====== The data ======

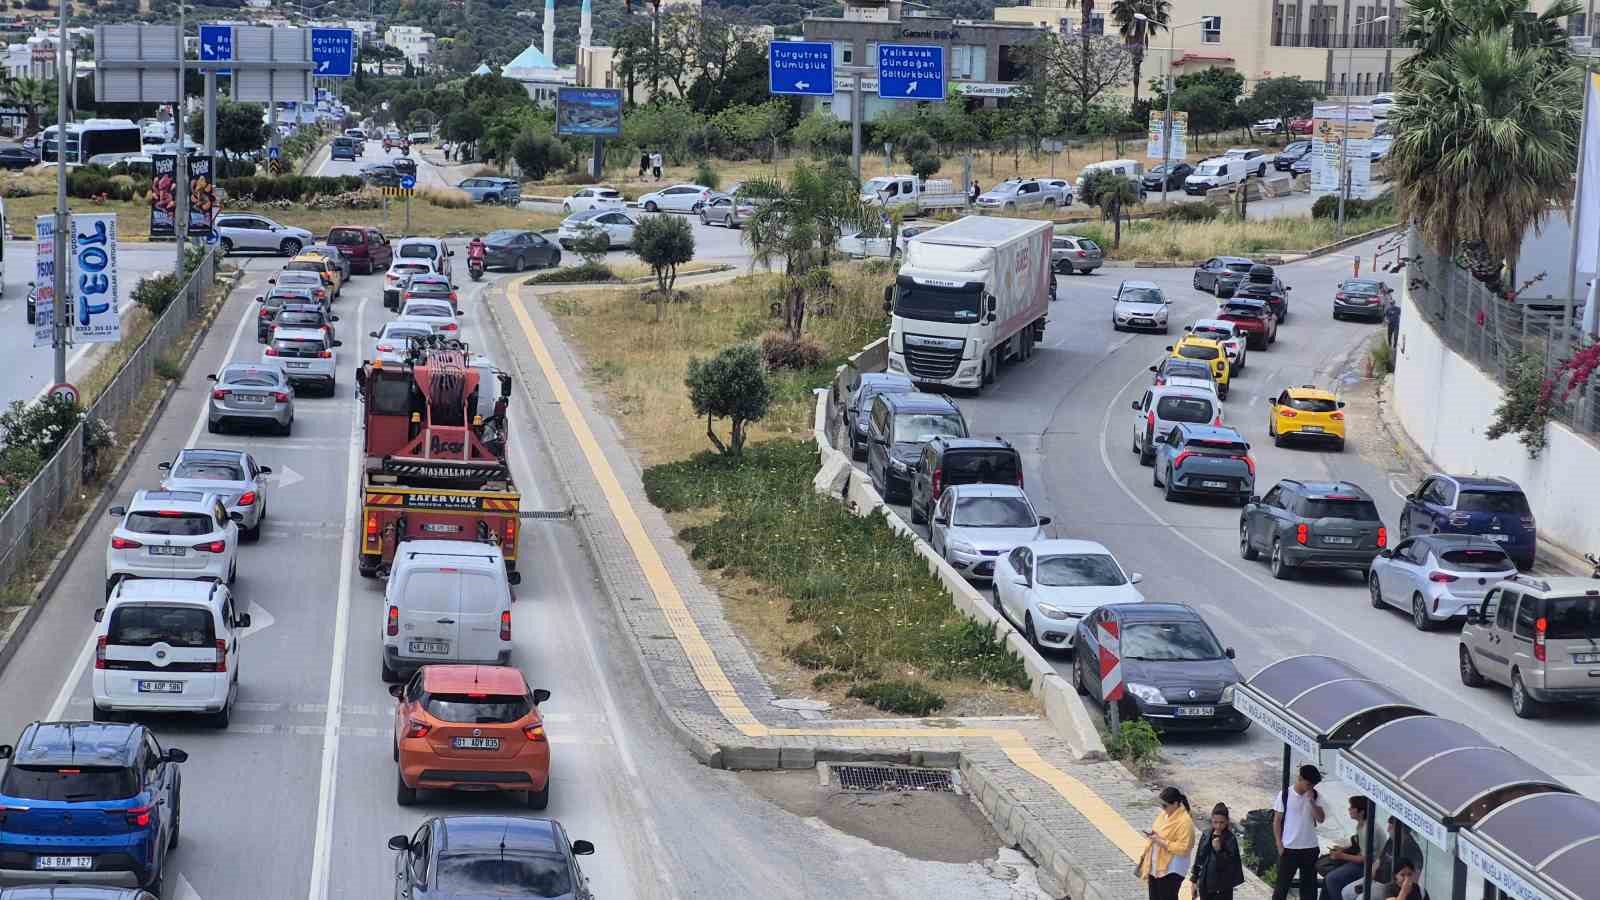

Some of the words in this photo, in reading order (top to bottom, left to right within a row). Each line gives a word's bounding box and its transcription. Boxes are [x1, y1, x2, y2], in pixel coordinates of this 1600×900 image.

[774, 49, 828, 60] Turgutreis
[882, 48, 932, 58] Yalıkavak
[774, 60, 826, 70] Gümüşlük
[881, 58, 935, 69] Gündoğan
[881, 69, 941, 80] Göltürkbükü
[78, 220, 110, 326] TEOL
[409, 494, 447, 503] ZAFER
[42, 857, 51, 866] 48
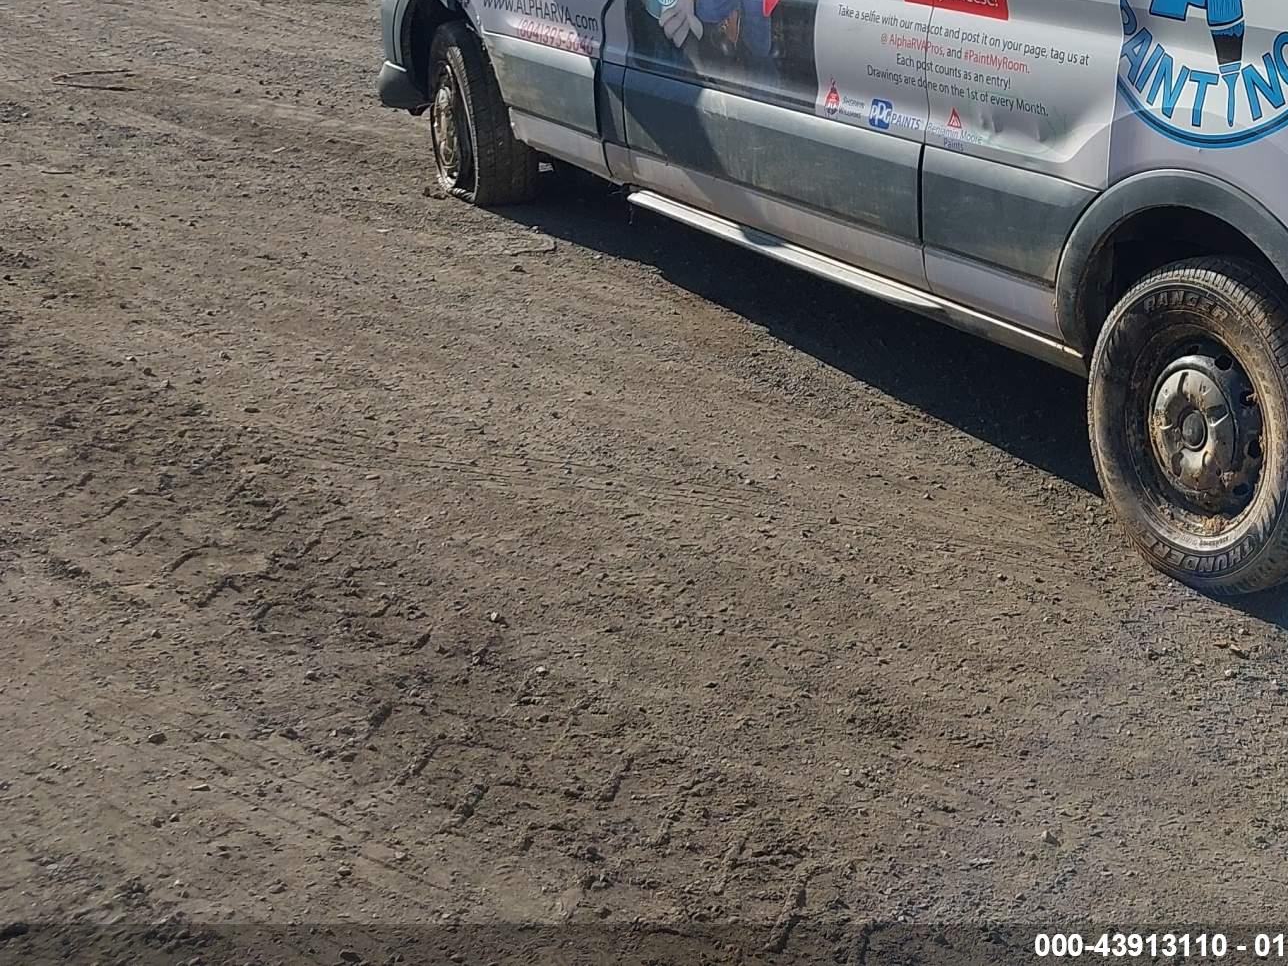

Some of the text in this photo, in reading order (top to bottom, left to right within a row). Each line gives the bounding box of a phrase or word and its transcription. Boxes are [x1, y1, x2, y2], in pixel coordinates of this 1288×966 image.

[838, 4, 1090, 66] Take a selfie with our mascot and post it on your page, tag us at
[881, 33, 887, 45] @
[947, 46, 962, 60] and
[964, 51, 1031, 74] #PaintMyRoom.
[896, 53, 1011, 90] Each post counts as an entry!
[867, 64, 1049, 117] Drawings are done on the 1st of every Month.
[870, 102, 921, 130] PPG PAINTS
[944, 137, 963, 151] Paints
[1143, 290, 1229, 321] RANGER
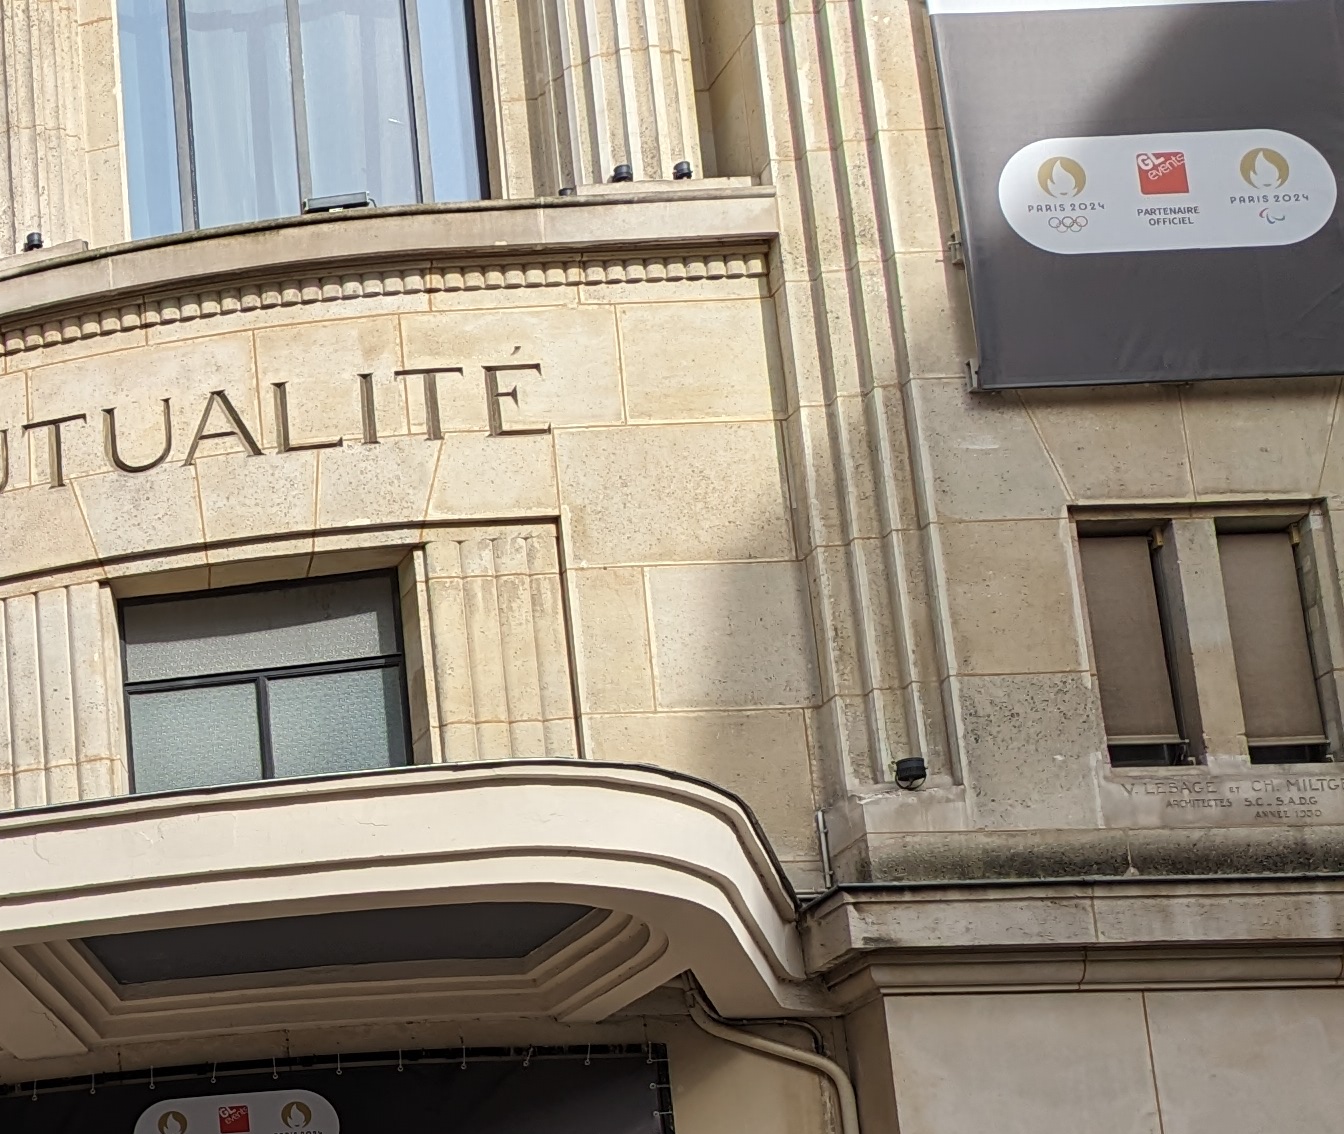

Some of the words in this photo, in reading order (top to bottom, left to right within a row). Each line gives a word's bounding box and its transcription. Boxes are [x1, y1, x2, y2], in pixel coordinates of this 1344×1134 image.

[1137, 153, 1165, 171] GL
[1147, 154, 1185, 180] events
[1230, 194, 1269, 204] PARIS
[1273, 192, 1309, 203] 2024
[1027, 203, 1066, 213] PARIS
[1069, 201, 1105, 212] 2024
[1137, 206, 1200, 216] PARTENAIRE
[1148, 217, 1194, 226] OFFICIEL
[1144, 781, 1217, 795] LESAGE
[1252, 779, 1279, 793] CH.
[219, 1106, 237, 1118] GL
[224, 1106, 249, 1125] events

======

Exercise details.
The entries are to be written out in full and exactly, apart from the pictures.

Solution below.
Some of the words in this photo, in reading order (top to bottom, left to right within a row). Each line gives a word's bounding box and its transcription. Boxes are [x1, y1, x2, y2], in pixel coordinates of this 1600×900 image.

[774, 49, 828, 60] Turgutreis
[882, 48, 932, 58] Yalıkavak
[774, 60, 826, 70] Gümüşlük
[881, 58, 935, 69] Gündoğan
[881, 69, 941, 80] Göltürkbükü
[78, 220, 110, 326] TEOL
[409, 494, 447, 503] ZAFER
[42, 857, 51, 866] 48

Some of the text in this photo, in reading order (top to bottom, left to right within a row). Each line gives the bounding box of a phrase or word and its transcription. Boxes are [x1, y1, x2, y2], in pixel coordinates of this 1288×966 image.

[838, 4, 1090, 66] Take a selfie with our mascot and post it on your page, tag us at
[881, 33, 887, 45] @
[947, 46, 962, 60] and
[964, 51, 1031, 74] #PaintMyRoom.
[896, 53, 1011, 90] Each post counts as an entry!
[867, 64, 1049, 117] Drawings are done on the 1st of every Month.
[870, 102, 921, 130] PPG PAINTS
[944, 137, 963, 151] Paints
[1143, 290, 1229, 321] RANGER

Some of the words in this photo, in reading order (top to bottom, left to right within a row). Each line gives a word's bounding box and its transcription. Boxes are [x1, y1, x2, y2], in pixel coordinates of this 1344×1134 image.

[1137, 153, 1165, 171] GL
[1147, 154, 1185, 180] events
[1230, 194, 1269, 204] PARIS
[1273, 192, 1309, 203] 2024
[1027, 203, 1066, 213] PARIS
[1069, 201, 1105, 212] 2024
[1137, 206, 1200, 216] PARTENAIRE
[1148, 217, 1194, 226] OFFICIEL
[1144, 781, 1217, 795] LESAGE
[1252, 779, 1279, 793] CH.
[219, 1106, 237, 1118] GL
[224, 1106, 249, 1125] events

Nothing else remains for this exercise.